Your initial reaction when faced with what seems like a predicament that scales exponentially will probably be to try to reduce the value of n as much as possible. But most of the time you won’t be able to reduce it enough to make your solution scalable as the size of your input grows, because you still have an O(n²) algorithm. What you really want to do is figure out a way to come up with an algorithm that’s on the order of O(k*n), where k is much smaller than n and represents a manageable amount of overhead that grows much more slowly than the rate of n’s growth. But as with any other engineering decision, there are performance and quality trade-offs to be made in all corners of the real world, and it sure ain’t easy to strike the right balance. In fact, many data-mining companies that have successfully implemented scalable record-matching analytics at a high degree of fidelity consider their specific approaches to be proprietary information (trade secrets), since they result in definite business advantages. (More times than you’d think, it’s not the ability to solve a problem that really matters, but the ability to implement it in a particular manner that can be taken to the market.)

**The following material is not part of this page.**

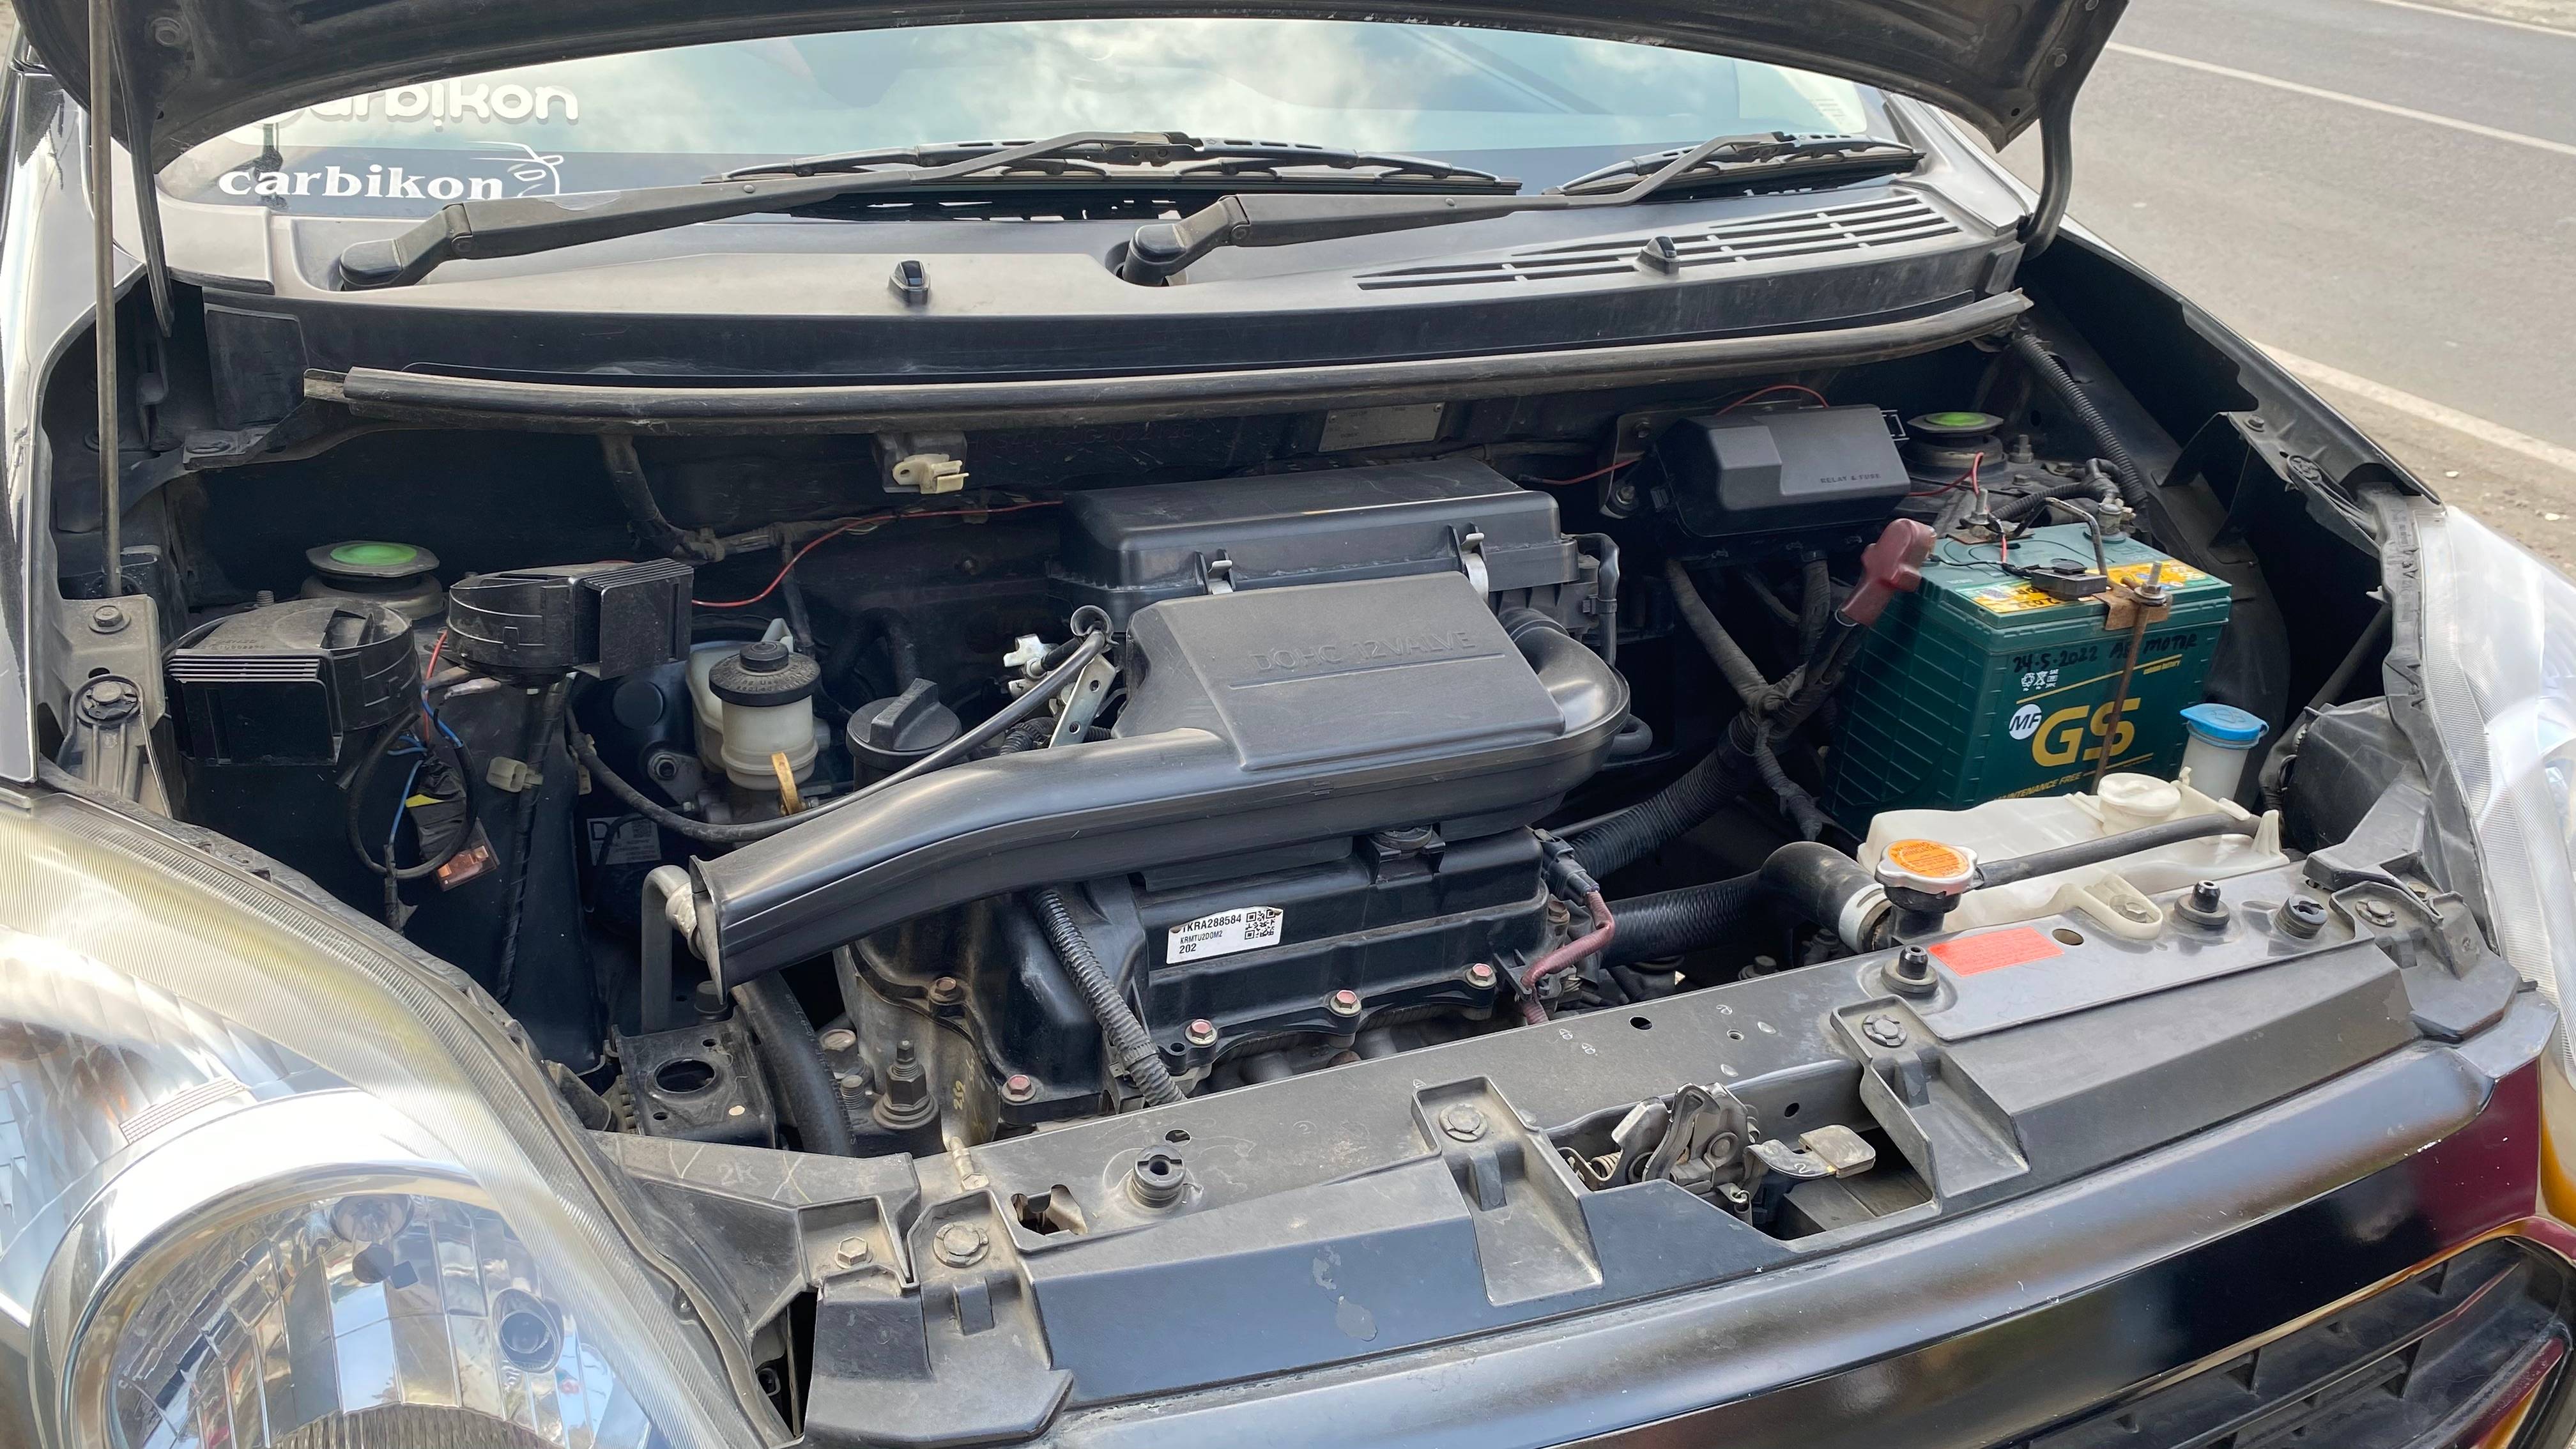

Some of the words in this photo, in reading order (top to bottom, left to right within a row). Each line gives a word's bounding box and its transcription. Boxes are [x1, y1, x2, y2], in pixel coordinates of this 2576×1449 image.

For situations in which an O(n²) algorithm is simply unacceptable, one variation to the working example that you might try is rewriting the nested loops so that a random sample is selected for the scoring function, which would effectively reduce it to O(k*n), if k were the sample size. As the value of the sample size approaches n, however, you’d expect the runtime to begin approaching the O(n²) runtime. Example 6-8 shows how that sampling technique might look in code; the key changes to the previous listing are highlighted in bold. The key takeaway is that for each invocation of the outer loop, we’re executing the inner loop a much smaller, fixed number of times.

Example 6-8. A small modification to an excerpt of Example 6-6 that incorporates random sampling to improve performance

# ...snip ...

all_titles = list(set(all_titles))
clusters = {}
for title1 in all_titles:
    clusters[title1] = []
    for sample in range(SAMPLE_SIZE):
        title2 = all_titles[random.randint(0, len(all_titles)-1)]
        if title2 in clusters[title1] or clusters.has_key(title2) and title1 
            in clusters[title2]:
            continue
        distance = DISTANCE(set(title1.split()), set(title2.split()))
        if distance < DISTANCE_THRESHOLD:
        clusters[title1].append(title2)

# ...snip ...

Another approach you might consider is to randomly sample the data into n bins (where n is some number that’s generally less than or equal to the square root of the number of items in your set), perform clustering within each of those individual bins, and then optionally merge the output. For example, if you had one million items, an O(n²) algorithm would take a trillion logical operations, whereas binning the one million items into 1,000 bins containing 1,000 items each and clustering each individual bin would require only a billion operations. (That’s 1,000*1,000 comparisons for each bin for all 1,000 bins.) A billion is still a large number, but it’s three orders of magnitude smaller than a trillion, and that’s nothing to sneeze at.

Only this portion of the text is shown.